Alcools
Thème: La poésie du désordre • 12 septembre 2025 • par Olivier Chapuis
À moitié couché sur le canapé du salon, je méditais les paroles de mon professeur de philosophie. Autour de moi, tout n’était que chaos. La bibliothèque écroulée, ses rayons déboîtés, les livres éparpillés comme autant d’oiseaux tombés du nid. Coussins et traversins gisaient à terre, emmêlés aux éclats de verre de la table basse explosée. Plusieurs plantes en pot s’étaient envolées, stoppées net par le mur porteur. Des balafres terreuses maculaient le tapis, des giclées de sang formaient un dégradé le long du chambranle de la porte. Le plafonnier à pendeloques vibrait encore des cris de ma mère.
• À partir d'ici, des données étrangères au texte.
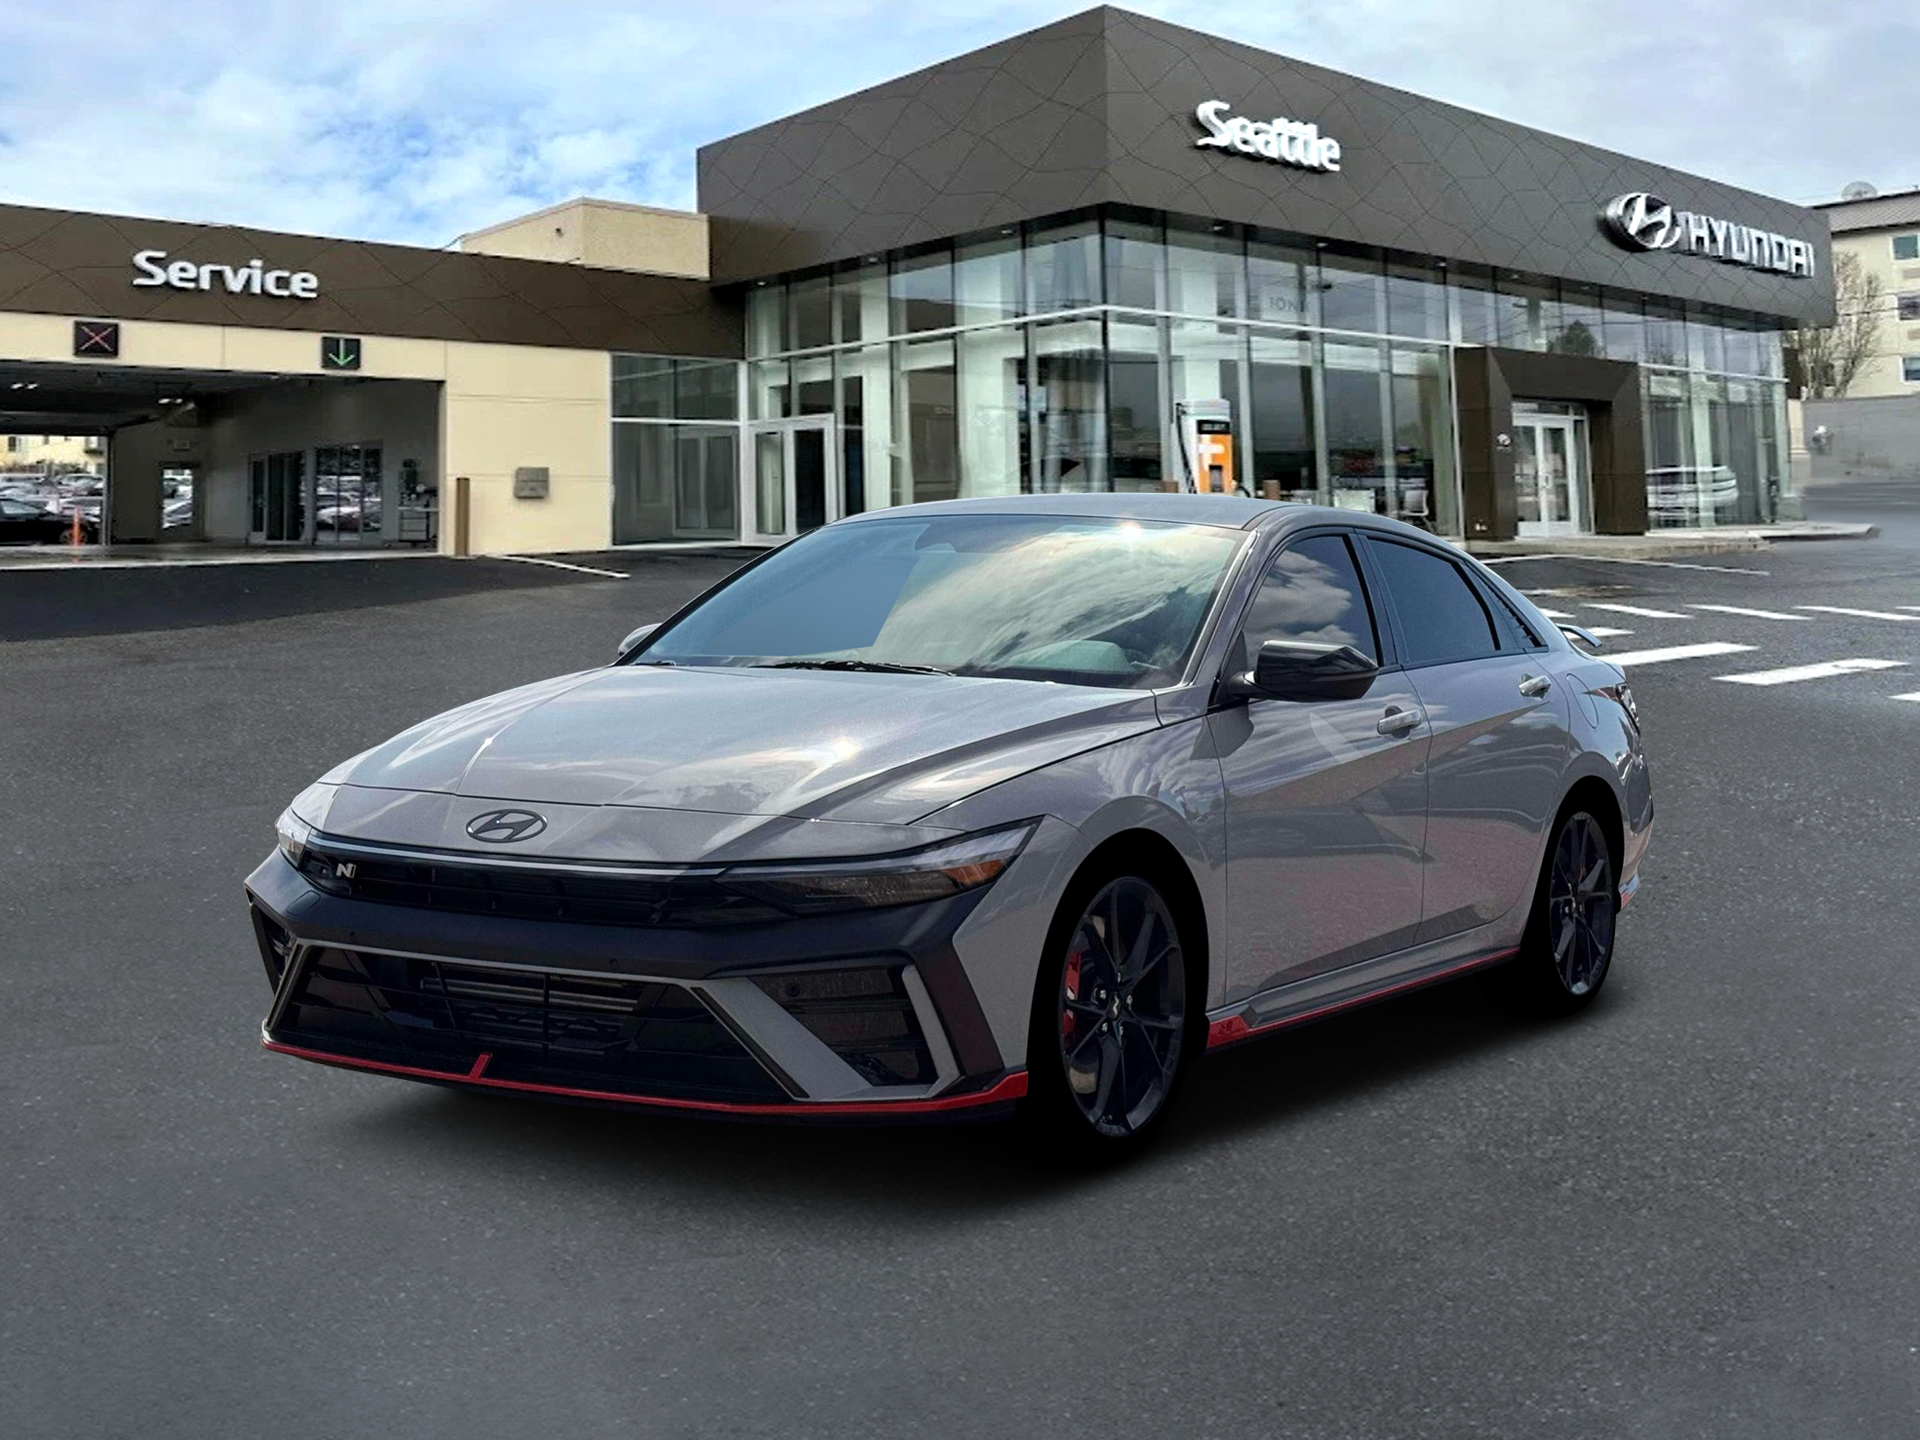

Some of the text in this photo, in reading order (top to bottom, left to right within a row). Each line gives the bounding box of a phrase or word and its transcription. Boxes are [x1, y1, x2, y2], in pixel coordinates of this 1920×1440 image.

Un charnier de cadavres brisés jonchait le parquet, entre le salon et la cuisine. Campari, whisky, Haut-Médoc, Cabernet, Malvoisie, vodka… La consommation paternelle s’éparpillait en multiples débris, dans une odeur écœurante et moite. Toutes ces bouteilles que ma mère avait balancées en hurlant, quand donc cesseras-tu de te détruire, de rentrer à l’envers et de démolir ta famille, et le fracas du verre brisé couvrait ses paroles, et mon père se tordait les côtes en la traitant de foldingue décérébrée.
Puis il s’est mis à la frapper. Je l’ai vu lui filer une première gifle, une seconde, avant qu’il ne l’empoigne par ses longs et beaux cheveux – il lui restait au moins ça, après des années de codépendance ; sa chevelure flamboyante – pour la projeter contre le bahut en bois massif. La vaisselle a tremblé, une porte du meuble s’est ouverte. Paralysé par l’effroi, comme si j’étais moi-même visé par cet homme hors de lui, j’ai assisté à la bagarre. Ma mère se défendait de son mieux. C’est là que tout a valdingué, que le salon s’est transformé en champ de bataille.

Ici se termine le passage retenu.